The second opinions are essentially a requirement when an employee receives a diagnosis that indicates a more complicated treatment plan will be needed, Tripp says. Because many initial diagnoses prove to be wrong, often leading to unnecessary expenses and poor medical outcomes, second opinions are vital to better outcomes and lower costs.
Consumers often are reluctant to "second guess" their doctor, Tripp says, so the narrow network/virtual expert team plan takes the request for a second opinion out of the employee's hands.
"You don't need to do it in a skeptical way," he says. "You should always ask for a second opinion if there's an unresolved set of symptoms that you have no clear plan for addressing. The best doctors will encourage their patients to seek a second opinion.
"We take all the friction out of it for the patient. We collect the medical records and send them out electronically to our team of experts. And this is where you can save a considerable amount of money, because the cost of misdiagnosis is profound. It's hundreds of thousands per patient."
How far should a plan member be prepared to travel to receive treatment from highly rated medical professionals? The most complicated cases may require out of state travel for the best treatment, but, Tripp says, most areas have top quality professionals and facilities within a gas tank's drive.
"We don't believe in telling people to travel when they probably don't have to," he says. "The bottom line for most procedures is that you'll receive the same chemotherapy in Houston that you will in Peoria or Anchorage. So there's no reason to travel for the treatment. What you want is the master clinician telling you what to do, giving you that second opinion, setting up a treatment plan that a good local team can implement."

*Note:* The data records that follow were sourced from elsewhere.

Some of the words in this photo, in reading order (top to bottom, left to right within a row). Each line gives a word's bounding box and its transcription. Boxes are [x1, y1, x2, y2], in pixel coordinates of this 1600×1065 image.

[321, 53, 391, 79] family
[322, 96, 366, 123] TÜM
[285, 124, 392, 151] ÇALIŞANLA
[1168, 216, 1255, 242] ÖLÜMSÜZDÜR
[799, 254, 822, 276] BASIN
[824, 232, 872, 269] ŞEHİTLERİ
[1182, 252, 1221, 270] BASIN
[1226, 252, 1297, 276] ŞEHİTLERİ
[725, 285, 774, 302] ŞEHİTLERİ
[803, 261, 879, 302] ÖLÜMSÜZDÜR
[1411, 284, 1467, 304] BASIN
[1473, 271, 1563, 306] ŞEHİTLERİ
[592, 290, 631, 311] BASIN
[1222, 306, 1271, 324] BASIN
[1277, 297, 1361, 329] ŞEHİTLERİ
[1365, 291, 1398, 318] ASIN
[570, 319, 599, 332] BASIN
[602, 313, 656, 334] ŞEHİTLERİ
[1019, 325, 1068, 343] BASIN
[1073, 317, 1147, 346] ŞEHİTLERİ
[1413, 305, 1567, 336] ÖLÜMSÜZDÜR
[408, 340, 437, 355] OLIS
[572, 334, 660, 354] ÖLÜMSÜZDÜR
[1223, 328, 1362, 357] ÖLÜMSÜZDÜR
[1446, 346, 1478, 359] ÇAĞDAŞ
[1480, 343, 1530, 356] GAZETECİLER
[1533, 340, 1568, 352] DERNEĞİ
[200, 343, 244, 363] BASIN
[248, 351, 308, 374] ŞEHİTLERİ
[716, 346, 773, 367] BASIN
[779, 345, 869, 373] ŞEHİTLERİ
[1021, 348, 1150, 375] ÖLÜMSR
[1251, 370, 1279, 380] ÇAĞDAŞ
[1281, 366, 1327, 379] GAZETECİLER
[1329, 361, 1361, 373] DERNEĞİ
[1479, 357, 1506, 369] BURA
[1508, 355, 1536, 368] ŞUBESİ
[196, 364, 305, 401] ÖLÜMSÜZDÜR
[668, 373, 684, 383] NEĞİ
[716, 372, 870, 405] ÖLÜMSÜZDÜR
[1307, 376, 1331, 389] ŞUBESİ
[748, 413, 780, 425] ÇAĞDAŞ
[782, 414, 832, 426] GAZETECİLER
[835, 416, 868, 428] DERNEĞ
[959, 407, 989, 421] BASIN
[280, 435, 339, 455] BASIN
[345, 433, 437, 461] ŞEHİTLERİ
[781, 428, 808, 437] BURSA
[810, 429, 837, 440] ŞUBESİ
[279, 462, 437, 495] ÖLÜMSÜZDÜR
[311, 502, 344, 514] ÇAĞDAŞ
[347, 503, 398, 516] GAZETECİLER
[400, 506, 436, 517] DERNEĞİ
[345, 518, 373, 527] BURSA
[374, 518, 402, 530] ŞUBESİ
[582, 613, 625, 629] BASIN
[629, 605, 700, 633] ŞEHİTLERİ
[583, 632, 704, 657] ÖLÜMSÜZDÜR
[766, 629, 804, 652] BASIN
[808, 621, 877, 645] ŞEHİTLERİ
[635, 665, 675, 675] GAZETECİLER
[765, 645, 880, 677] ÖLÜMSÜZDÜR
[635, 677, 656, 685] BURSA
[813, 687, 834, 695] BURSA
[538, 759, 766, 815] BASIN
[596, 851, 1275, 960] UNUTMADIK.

The cost to the employer of offering the national services of the expert team to its employees isn't generally high because only about 3 percent to 5 percent of most employee populations experiences a complicated and expensive treatment program, Tripp says. And with the expertise of the virtual team, misdiagnoses and poor outcomes are greatly reduced, he says.

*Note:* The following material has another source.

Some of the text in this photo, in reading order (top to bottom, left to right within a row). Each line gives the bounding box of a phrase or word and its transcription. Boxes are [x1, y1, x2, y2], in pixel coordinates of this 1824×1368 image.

Tripp says the narrow network/virtual expert team approach is gaining traction within the corporate world because quality medical care is, in the long run (and even the short run to some degree), less expensive for the employer. People are healthier, outcomes are better, and by choosing to work through a narrow network, the insurance provider can negotiate better terms because the network knows it will get more business.
"Employers have been getting increasingly frustrated because they've been paying all this money for health insurance and not seeing any improvement or cost reduction," he says. "Programs like ours help them think about creating a network that is more personal, more specific to company needs, and has access to the best medical professionals in the nation for the esoteric, hard cases that require a different approach."